(Text-to-region grounding data)
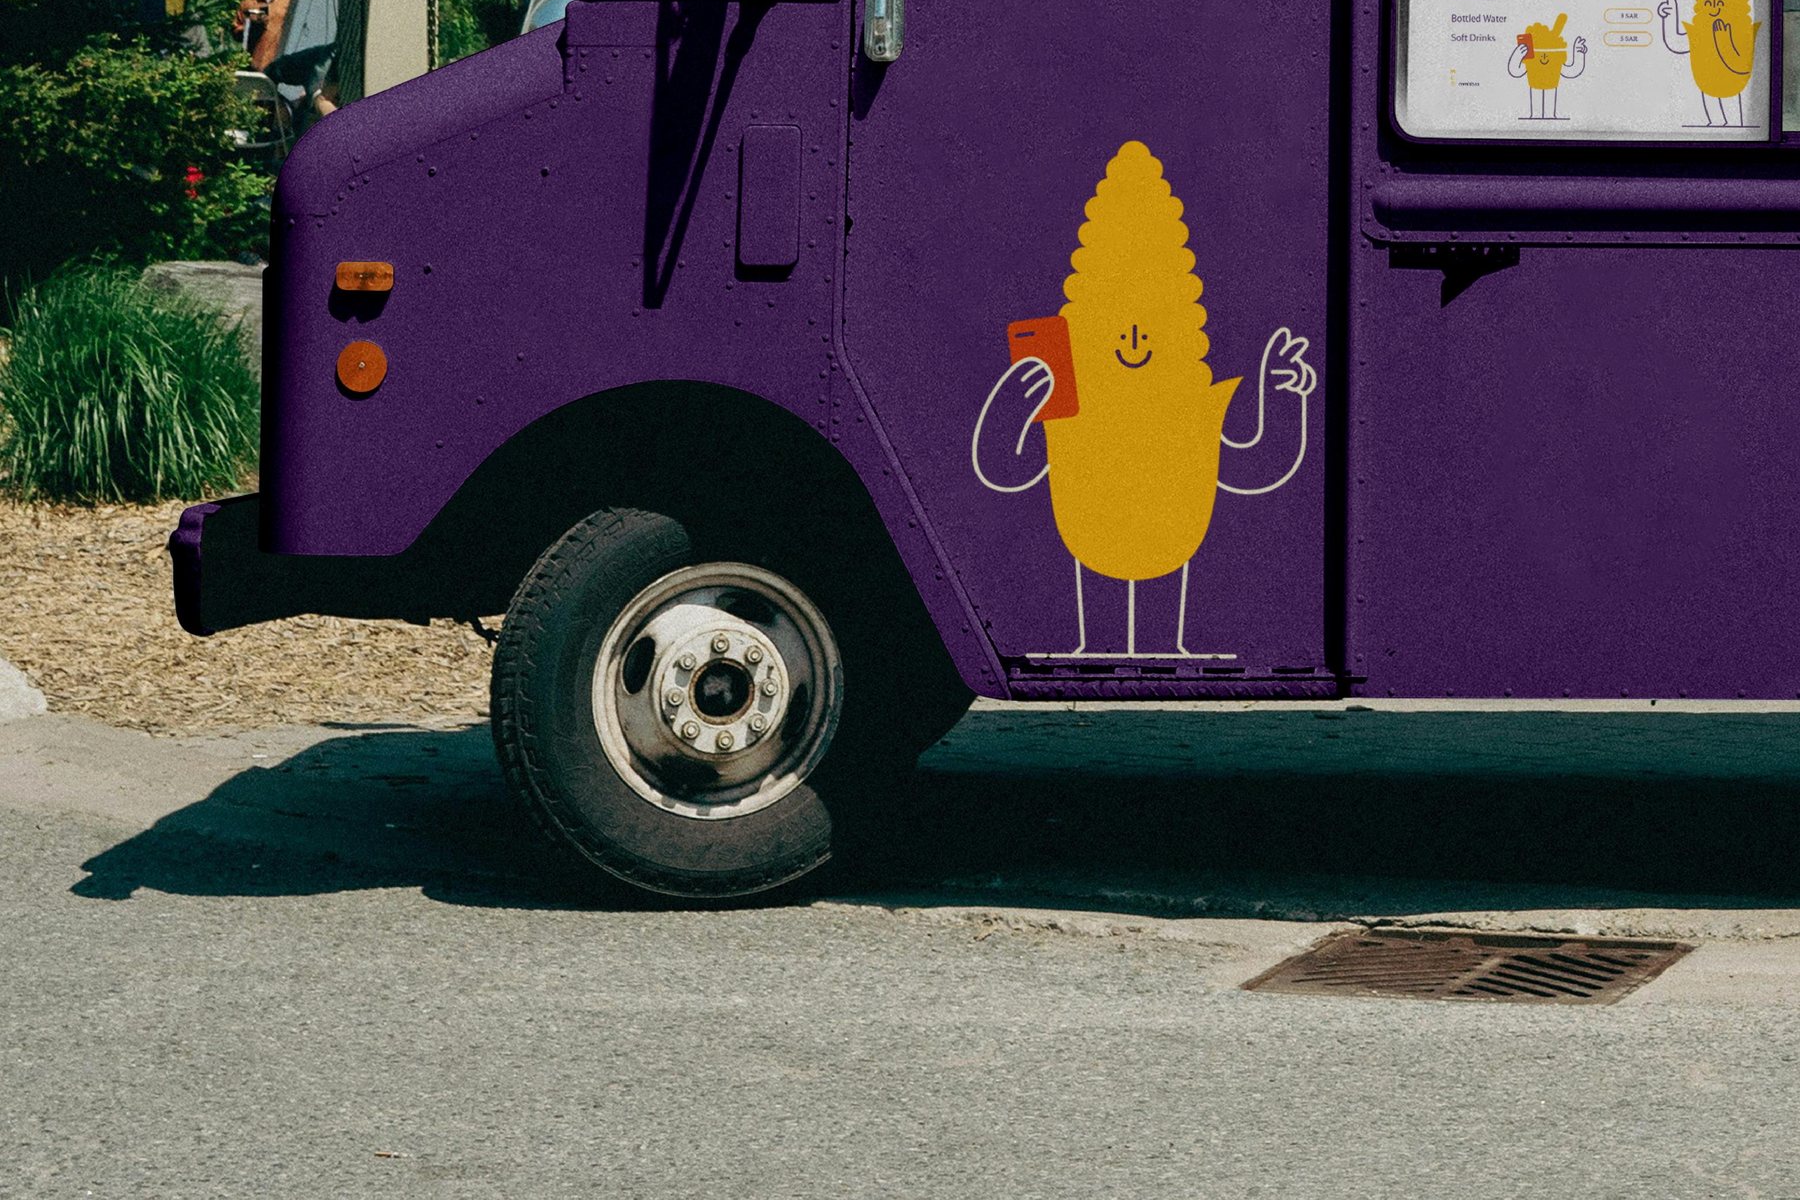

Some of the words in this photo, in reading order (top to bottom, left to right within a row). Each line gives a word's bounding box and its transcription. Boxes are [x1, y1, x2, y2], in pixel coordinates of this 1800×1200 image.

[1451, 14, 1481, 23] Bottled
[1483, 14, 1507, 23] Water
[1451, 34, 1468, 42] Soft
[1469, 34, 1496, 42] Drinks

PROBLEM DETAILS
Keeping the pictures out, output the records from above exactly and completely.

FINAL ANSWER
Some of the words in this photo, in reading order (top to bottom, left to right within a row). Each line gives a word's bounding box and its transcription. Boxes are [x1, y1, x2, y2], in pixel coordinates of this 1800×1200 image.

[1451, 14, 1481, 23] Bottled
[1483, 14, 1507, 23] Water
[1451, 34, 1468, 42] Soft
[1469, 34, 1496, 42] Drinks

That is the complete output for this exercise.